▶ **Problem to work on**
Each record here should be printed again exactly; please leave its pictures out.

[Free-text object descriptions]
++++++++++

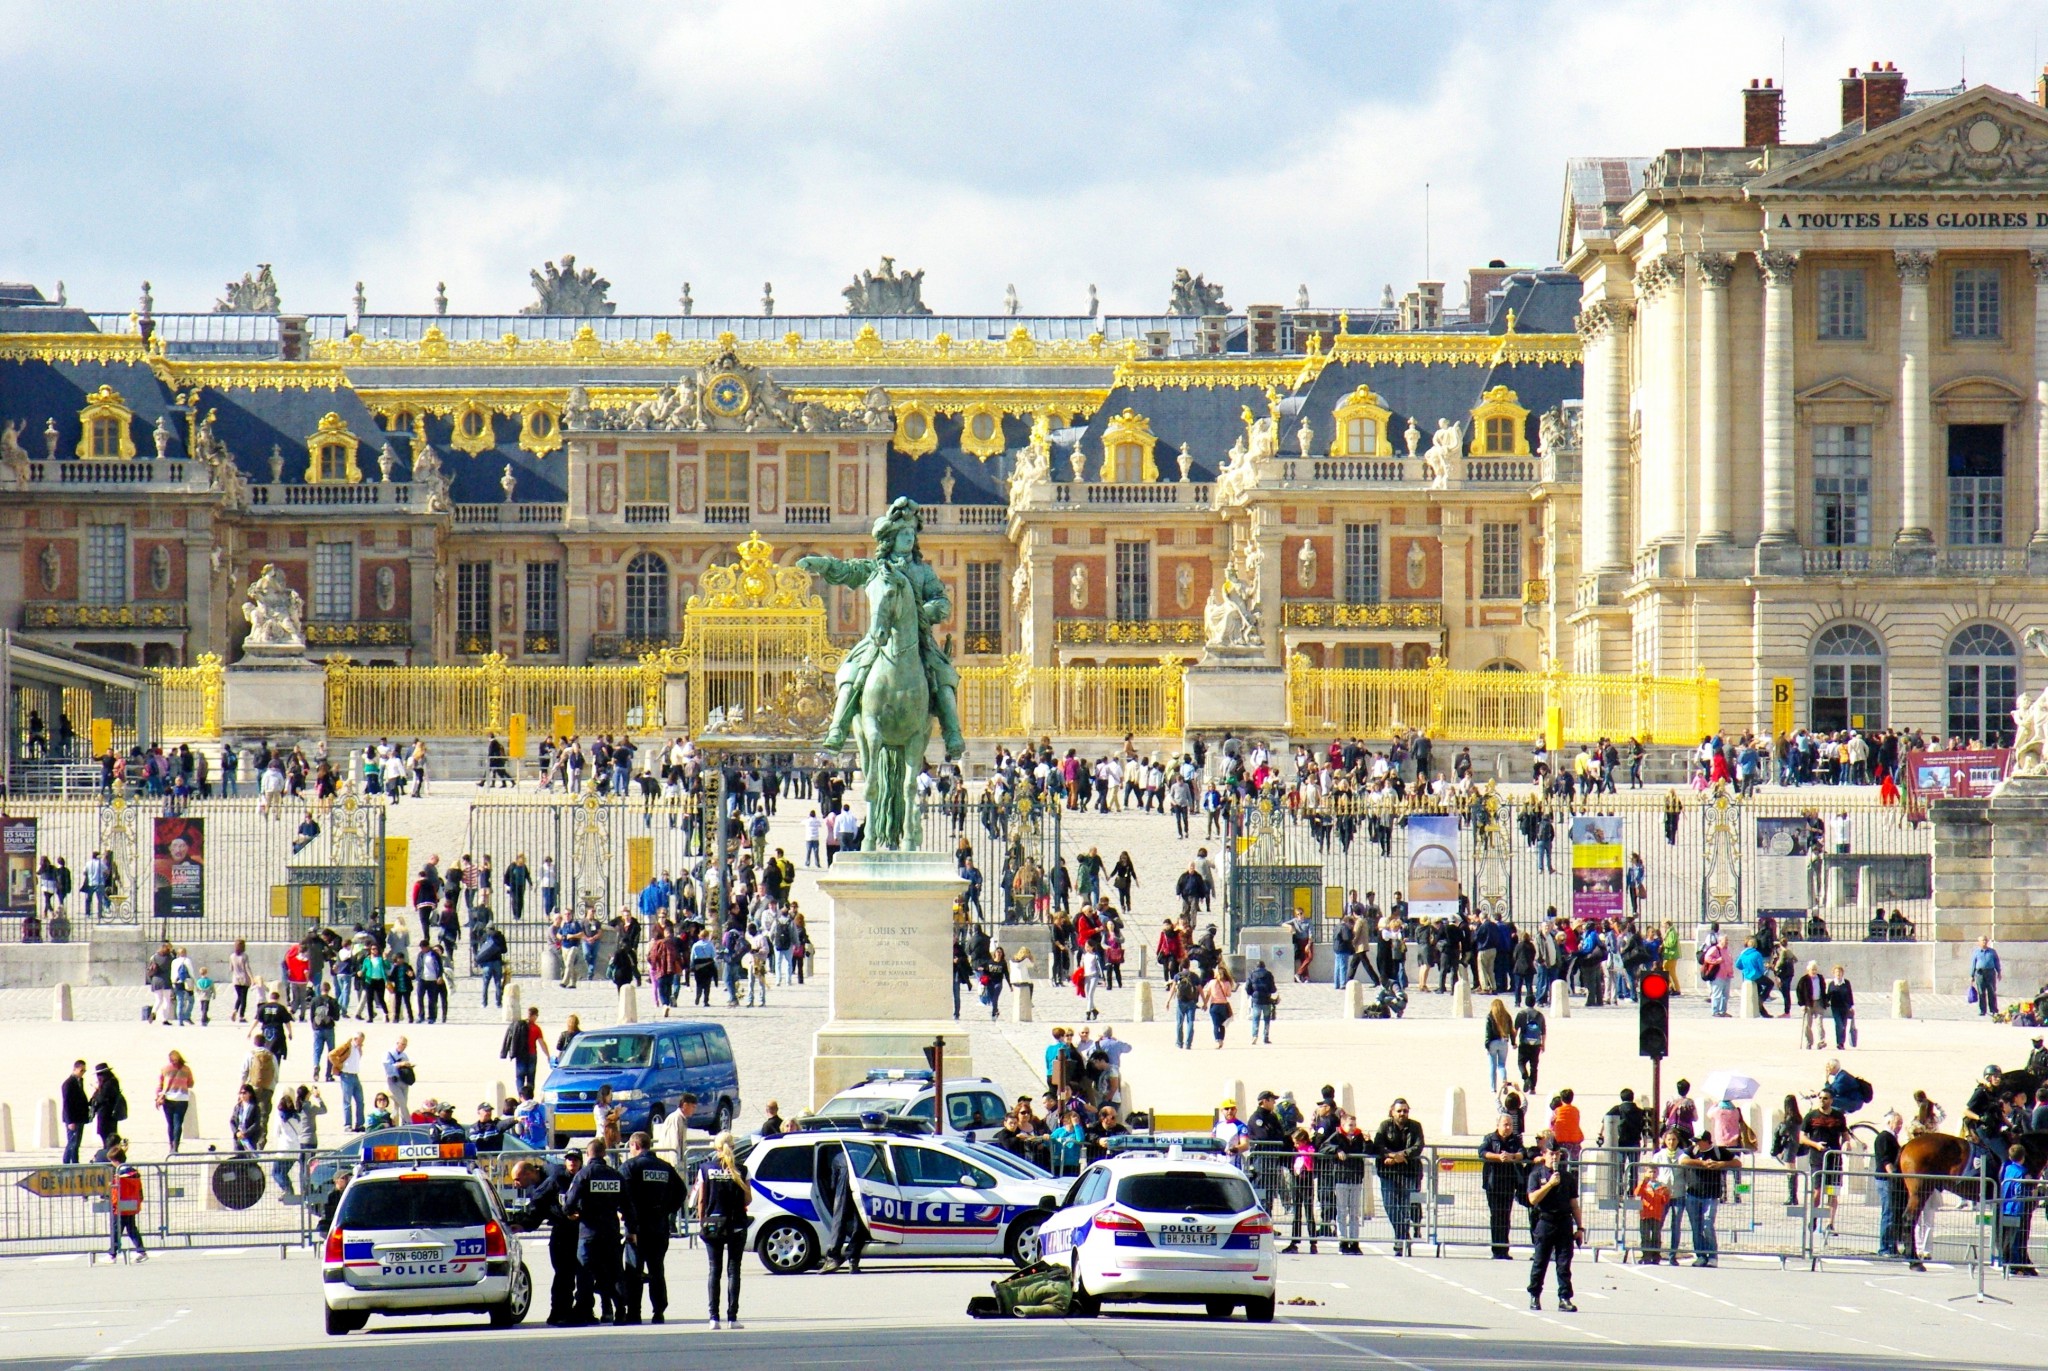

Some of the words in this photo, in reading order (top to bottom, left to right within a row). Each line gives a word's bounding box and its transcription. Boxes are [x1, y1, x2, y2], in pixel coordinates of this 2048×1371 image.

[1778, 213, 1792, 228] A
[1798, 213, 1881, 228] TOUTES
[1889, 213, 1929, 228] LES
[1937, 213, 2028, 228] GLOIRES
[1775, 684, 1789, 703] B
[868, 926, 896, 935] LOUIS
[900, 926, 919, 935] XIV
[1156, 1136, 1182, 1144] POLICE
[400, 1146, 438, 1157] POLICE
[644, 1171, 669, 1181] POLICE
[592, 1181, 619, 1191] POLICE
[872, 1197, 965, 1222] POLICE
[1160, 1225, 1204, 1233] POLICE
[468, 1244, 483, 1254] 17
[382, 1264, 448, 1276] POLICE

++++++++++

▶ **Answer box**
Some of the words in this photo, in reading order (top to bottom, left to right within a row). Each line gives a word's bounding box and its transcription. Boxes are [x1, y1, x2, y2], in pixel coordinates of this 2048×1371 image.

[1778, 213, 1792, 228] A
[1798, 213, 1881, 228] TOUTES
[1889, 213, 1929, 228] LES
[1937, 213, 2028, 228] GLOIRES
[1775, 684, 1789, 703] B
[868, 926, 896, 935] LOUIS
[900, 926, 919, 935] XIV
[1156, 1136, 1182, 1144] POLICE
[400, 1146, 438, 1157] POLICE
[644, 1171, 669, 1181] POLICE
[592, 1181, 619, 1191] POLICE
[872, 1197, 965, 1222] POLICE
[1160, 1225, 1204, 1233] POLICE
[468, 1244, 483, 1254] 17
[382, 1264, 448, 1276] POLICE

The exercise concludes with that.